В ее глазах гнев. Я знаю, что она считает меня слабаком, но это не так. Если бы я был слаб, я бы поддался желанию убить ее и похоронил бы ее тело рядом с могилой брата. Благодаря ей, я наконец-то достаточно силен, чтобы сделать то, что следовало сделать давным-давно. Иногда лучше избавить раненое животное от страданий, чем позволить ему жить с увечьем.
— Я спущу курок, — говорит Эм, ее голос спокоен и собран. — А потом возьму Ганнера и уйду из этого Ада, в котором была заперта несколько недель. Не волнуйся.
Моя грудь наполняется чувством гордости.
— Хорошая девочка.
Слеза скатывается по ее щеке, нижняя губа дрожит.
— Но сначала я хочу, чтобы ты рассказал мне всё, — ее голос напряжен, она сильнее прижимает пистолет к моему виску, выполняя работу, которую я сам собирался сделать — но я не позволю ей быть той, кто спустит курок.
Но я позволю ей почувствовать, что в данный момент всё под контролем.
— С чего ты хочешь, чтобы я начал? — спрашиваю я, странное спокойствие поселилось в моем теле.
— Что случилось с твоим братом?
Я испускаю долгий, тяжелый вздох.
— Я убил его.
— Как? — требует она, ее глаза вспыхивают гневом. — Как ты его убил?
— Я застрелил его из своей винтовки. Что-то было не так со мной, — начинаю я, и правда льется легче, чем я ожидал: — У меня появилось странное ощущение, как будто я снова на войне, но никаких воспоминаний не было. Всё просто погрузилось во тьму.
Она кивает.
— Он мог понять, что что-то не так, и Ганнер ведь помогает тебе.

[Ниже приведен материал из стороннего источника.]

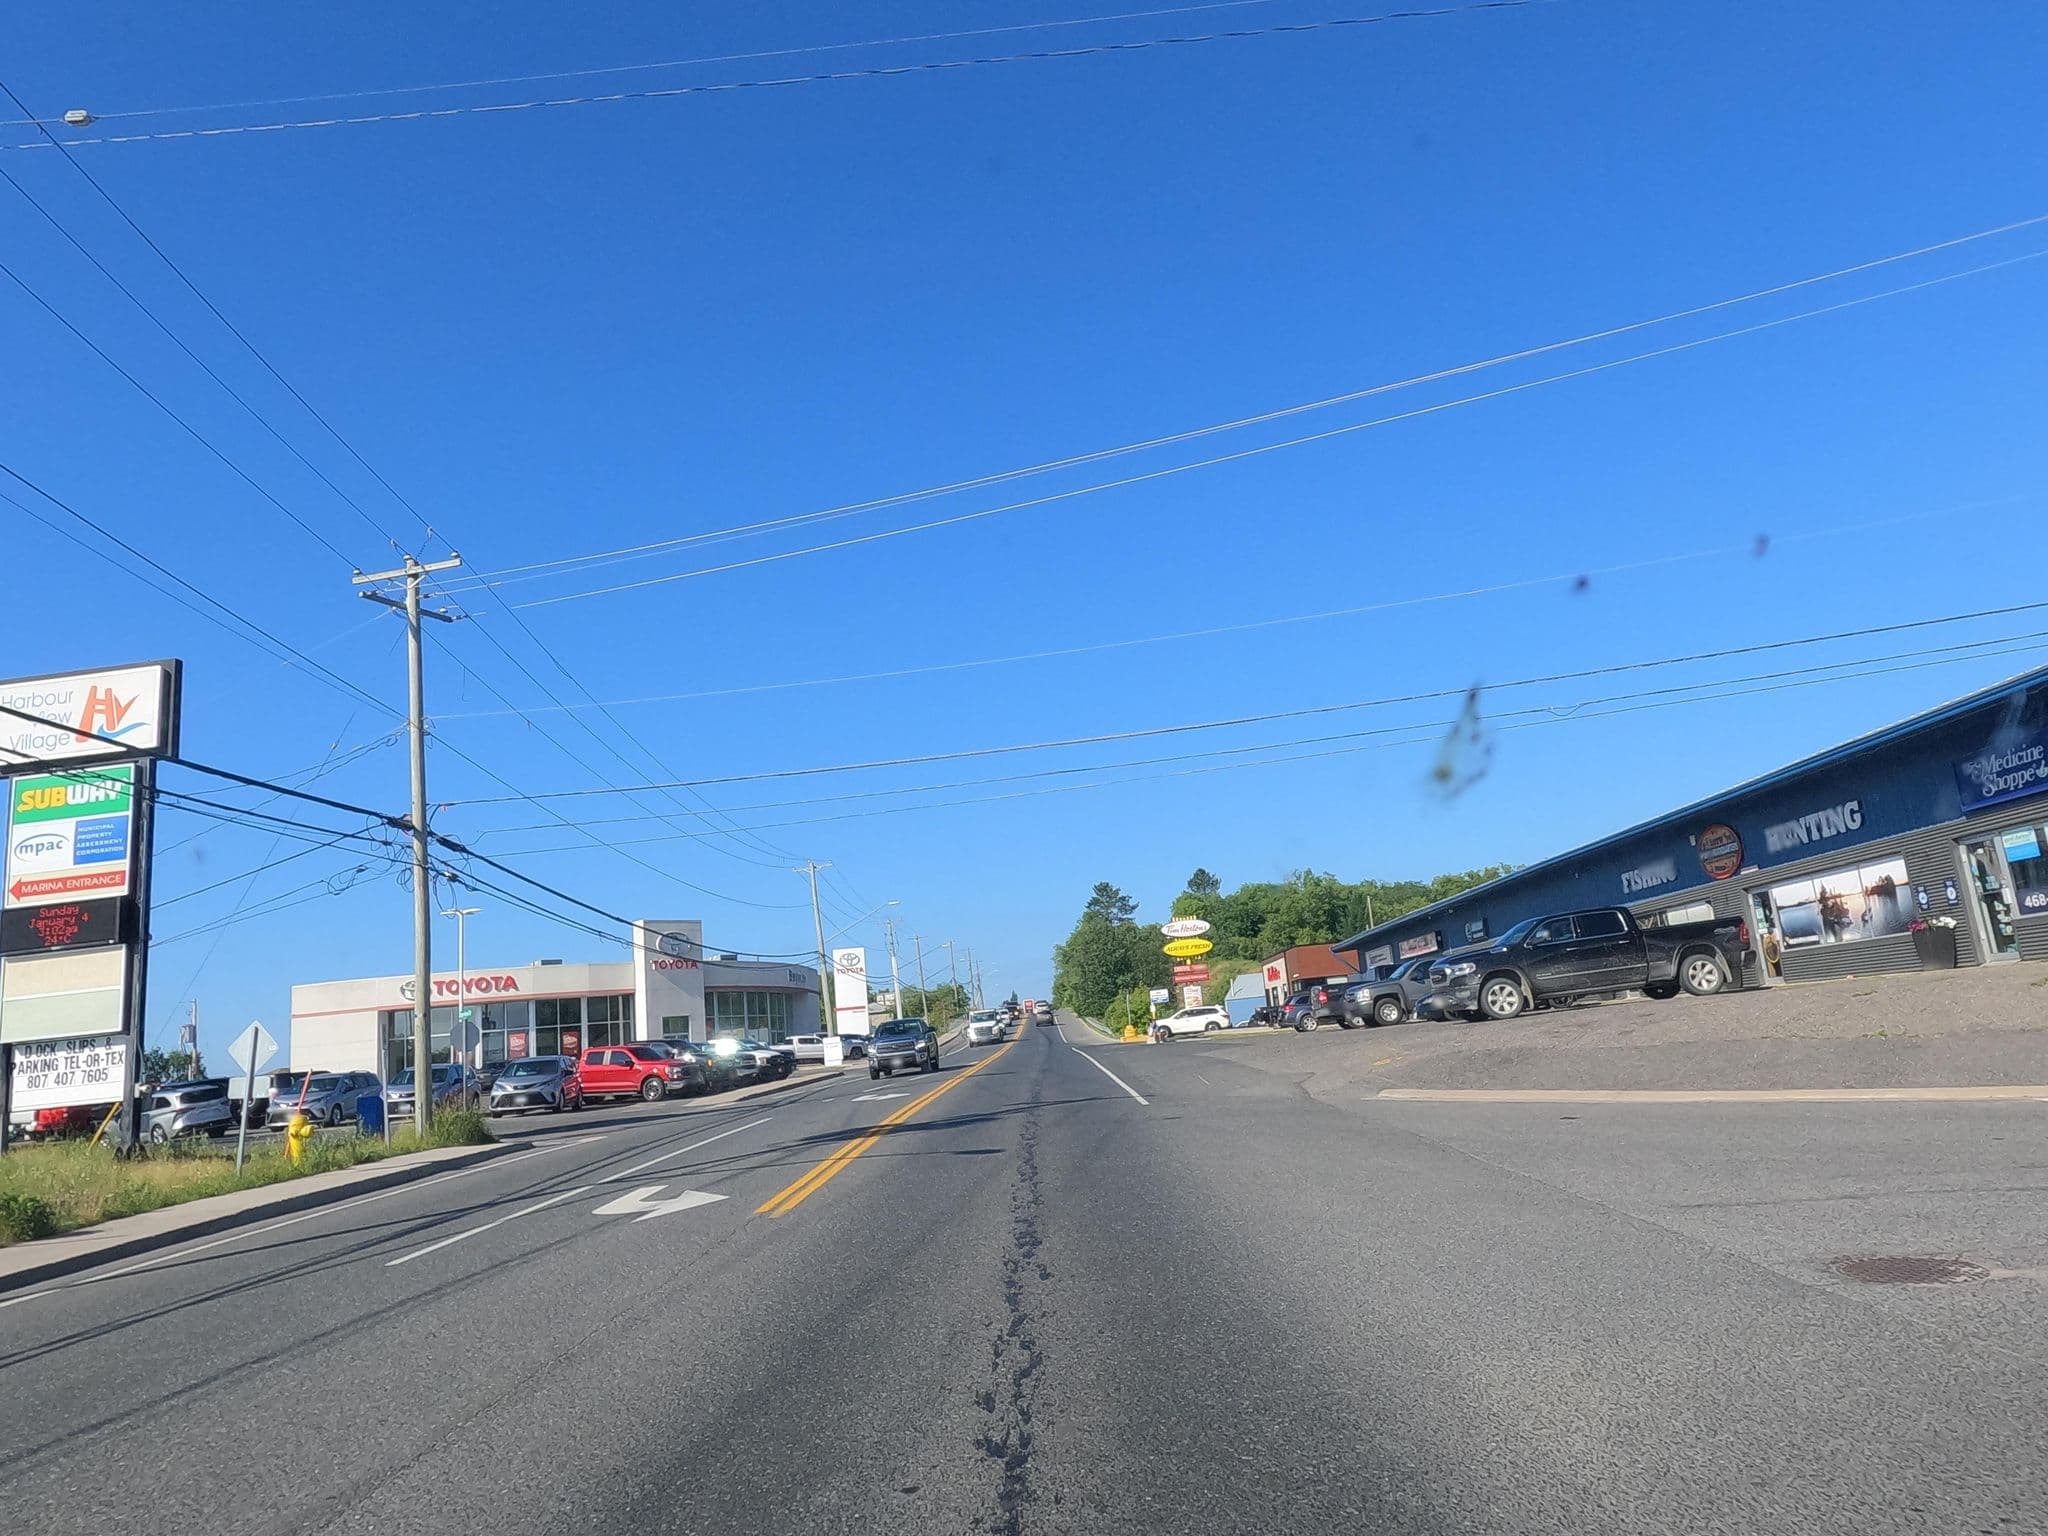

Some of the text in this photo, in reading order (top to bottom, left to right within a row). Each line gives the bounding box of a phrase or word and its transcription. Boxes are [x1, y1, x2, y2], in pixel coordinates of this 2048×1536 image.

[1, 690, 73, 711] Harbour
[9, 732, 70, 751] Village
[1982, 744, 2044, 773] Medicine
[1983, 767, 2035, 797] Shoppe
[16, 780, 123, 812] SUBWAY
[1764, 800, 1862, 854] NTING
[19, 839, 63, 857] mpac
[21, 875, 122, 894] MARINA ENTRANCE
[28, 912, 89, 929] January 4
[40, 905, 80, 918] Sunday
[1166, 924, 1180, 934] Tim
[650, 959, 698, 970] TOYOTA
[433, 976, 519, 996] TOYOTA
[66, 1039, 97, 1055] SLIPS
[105, 1037, 113, 1050] &
[10, 1051, 124, 1075] PARKING TEL-OR-TEX
[27, 1067, 109, 1089] 807 407 7605
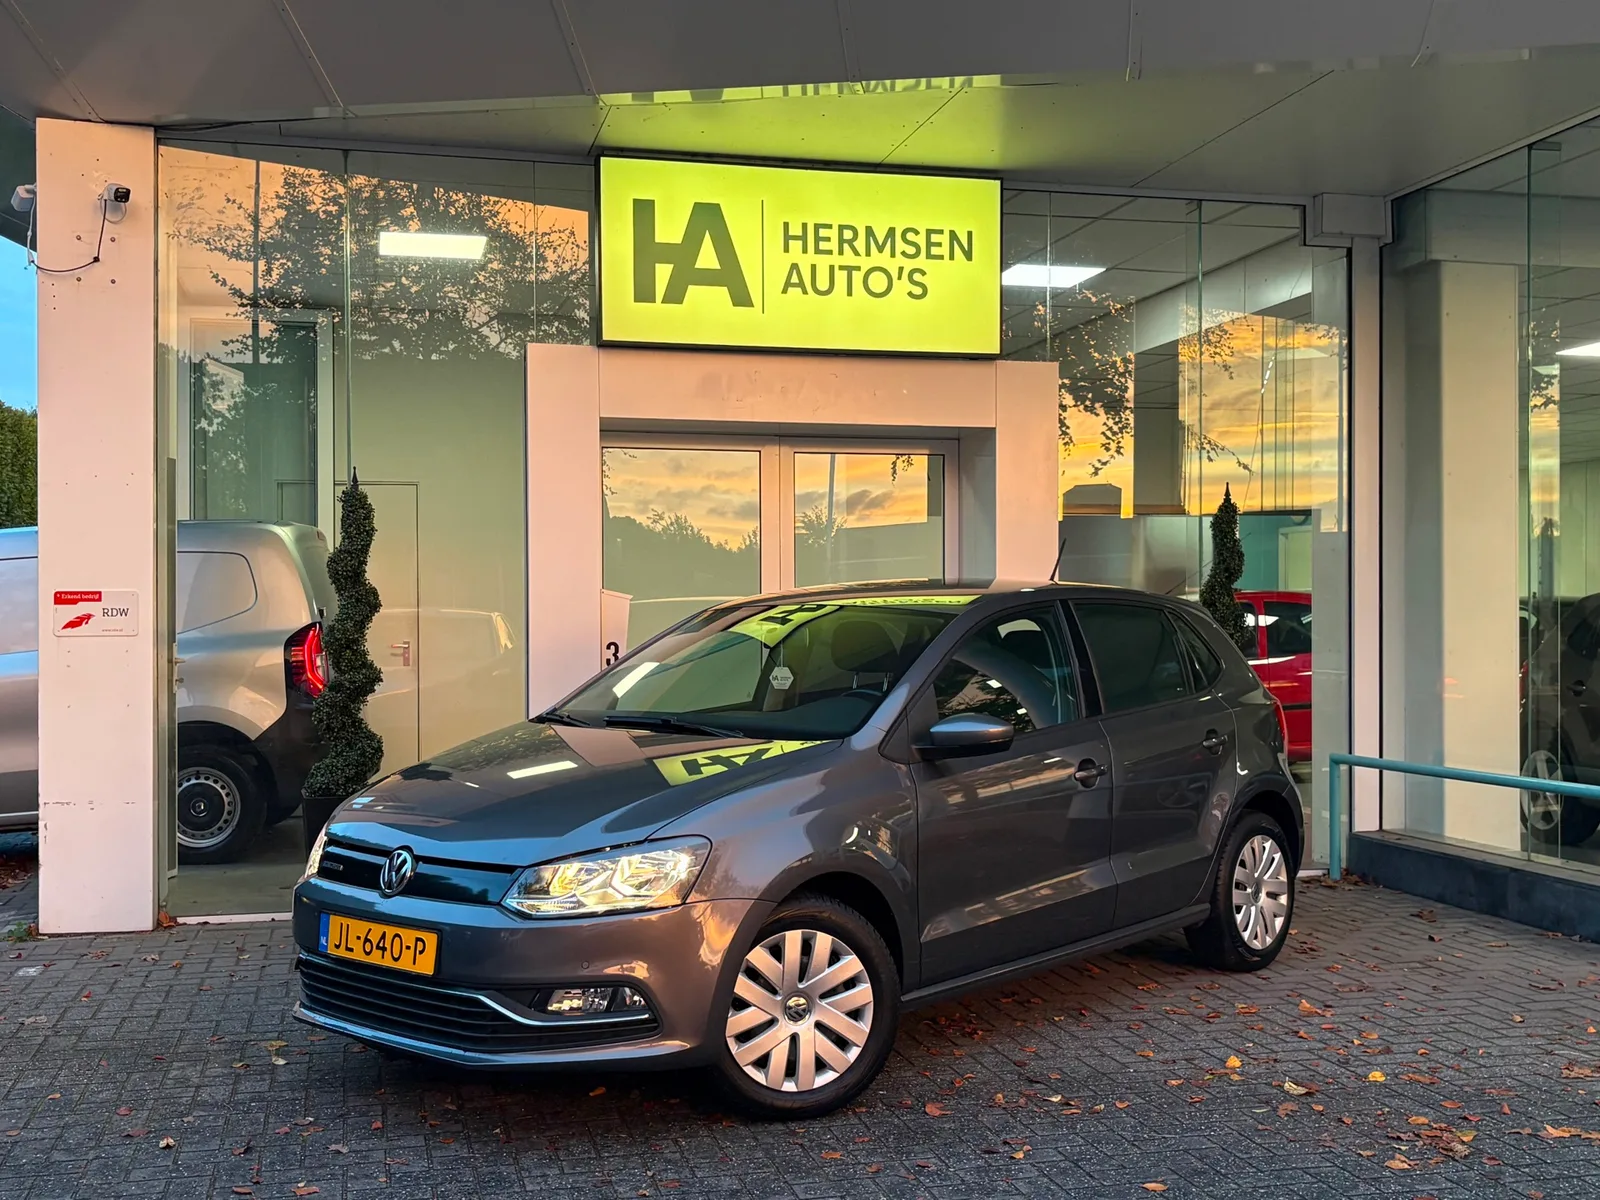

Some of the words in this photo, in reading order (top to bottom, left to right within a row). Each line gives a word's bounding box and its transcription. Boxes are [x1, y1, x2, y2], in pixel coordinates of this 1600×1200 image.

[632, 198, 755, 308] HA
[782, 221, 974, 262] HERMSEN
[781, 262, 929, 300] AUTO'S
[102, 607, 130, 617] RDW
[605, 641, 620, 667] 3
[333, 922, 427, 966] JL-640-P
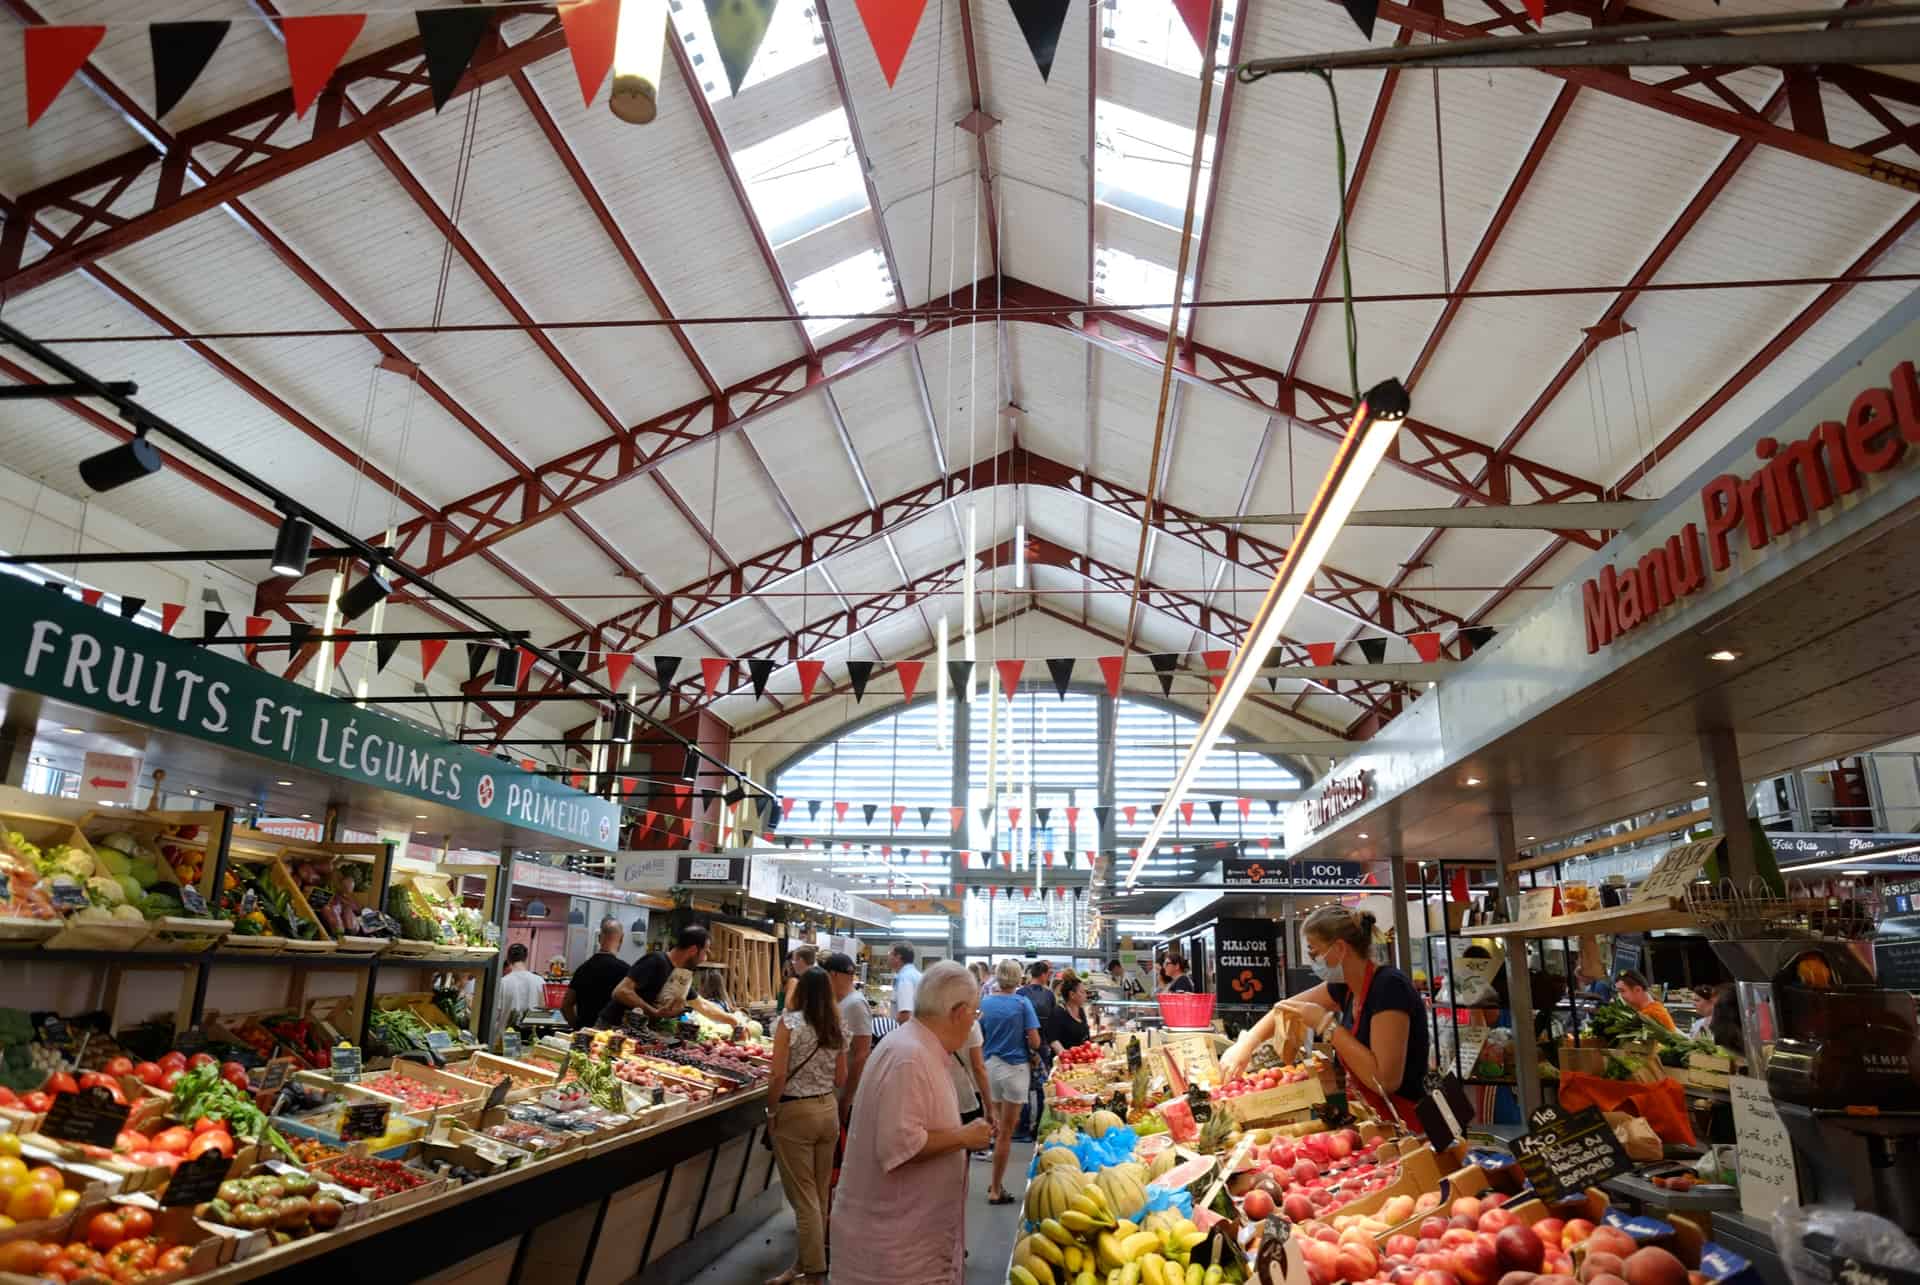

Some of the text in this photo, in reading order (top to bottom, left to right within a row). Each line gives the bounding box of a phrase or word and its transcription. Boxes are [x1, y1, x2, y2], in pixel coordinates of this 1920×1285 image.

[1582, 523, 1706, 655] Manu
[23, 619, 591, 837] FRUITS ET LÉGUMES PRIMEUR
[1771, 838, 1819, 852] Foie Gras
[1311, 864, 1342, 876] 1001
[1293, 878, 1362, 886] FROMAGES
[1222, 940, 1268, 951] MAISON
[1220, 956, 1271, 967] CHAILLA
[1533, 1108, 1557, 1126] 1kg

Я улыбаюсь ей, и мои глаза наполняются слезами.
— Он чертовски хорошая собака и единственная причина, по которой я всё еще здесь — но это было до того, как ты появилась. Ты можешь взять его и дать ему хорошую жизнь.
— Он пропадет без тебя.
— У него будет меньше стресса, — усмехаюсь я, вытирая первую слезу за десятилетия.
Губы Эм дрожат, но она держится.
— Продолжай. Что произошло?
Я выдыхаю.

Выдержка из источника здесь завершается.